Sara Thacher is an American game and experience designer. She is one of the founders of the San Francisco-based immersive experience The Jejune Institute and works as a creative director and senior R&D Imagineer at Walt Disney Imagineering, including creative leadership on the Star Wars: Galactic Starcruiser two-day immersive Disney experience.

Education
Thacher studied glass at the Rhode Island School of Design and earned a Masters of Fine Arts in Social Practice at the California College of the Arts.

Career
Thacher was one of the creators of the multi-chapter interactive experience The Jejune Institute in San Francisco, with Jeff Hull and Uriah Findley. She served as a lead producer and experience designer for Nonchalance after answering a Craigslist recruiting ad. She is featured in the 2013 documentary about The Jejune Institute, The Institute.

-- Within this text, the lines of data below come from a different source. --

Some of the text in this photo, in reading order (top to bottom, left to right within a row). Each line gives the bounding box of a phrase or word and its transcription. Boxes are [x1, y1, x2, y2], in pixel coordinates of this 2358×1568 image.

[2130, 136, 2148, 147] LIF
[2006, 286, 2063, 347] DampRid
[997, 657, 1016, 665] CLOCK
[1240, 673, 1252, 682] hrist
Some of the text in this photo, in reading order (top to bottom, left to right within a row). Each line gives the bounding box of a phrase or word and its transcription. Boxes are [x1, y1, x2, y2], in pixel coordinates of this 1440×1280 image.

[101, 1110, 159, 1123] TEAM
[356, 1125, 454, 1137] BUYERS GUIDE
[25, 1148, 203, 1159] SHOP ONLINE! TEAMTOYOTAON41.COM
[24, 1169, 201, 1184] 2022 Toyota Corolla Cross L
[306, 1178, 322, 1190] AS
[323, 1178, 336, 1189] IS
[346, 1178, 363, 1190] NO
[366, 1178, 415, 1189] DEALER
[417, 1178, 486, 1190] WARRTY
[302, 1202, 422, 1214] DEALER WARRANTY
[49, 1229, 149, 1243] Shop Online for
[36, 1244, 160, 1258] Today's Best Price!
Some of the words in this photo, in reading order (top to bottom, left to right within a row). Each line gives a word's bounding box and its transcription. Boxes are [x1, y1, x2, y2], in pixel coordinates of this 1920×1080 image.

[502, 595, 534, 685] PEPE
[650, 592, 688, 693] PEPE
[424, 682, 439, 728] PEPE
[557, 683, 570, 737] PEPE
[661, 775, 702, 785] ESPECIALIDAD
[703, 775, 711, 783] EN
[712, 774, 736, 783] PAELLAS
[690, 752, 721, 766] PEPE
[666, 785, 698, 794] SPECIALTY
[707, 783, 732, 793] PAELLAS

She later worked for The Go Game and was a producer and designer on FutureCoast, a future forecasting game by World Without Oil's Ken Eklund that ran in February 2014. FutureCoast was funded by a grant from the National Science Foundation to Columbia University's Polar Partnership.

The game explored climate change, its effect on polar ice, and rising sea levels through a series of voicemails from the future. The game also used in-person experiences, geocached items, and social media to engage audiences.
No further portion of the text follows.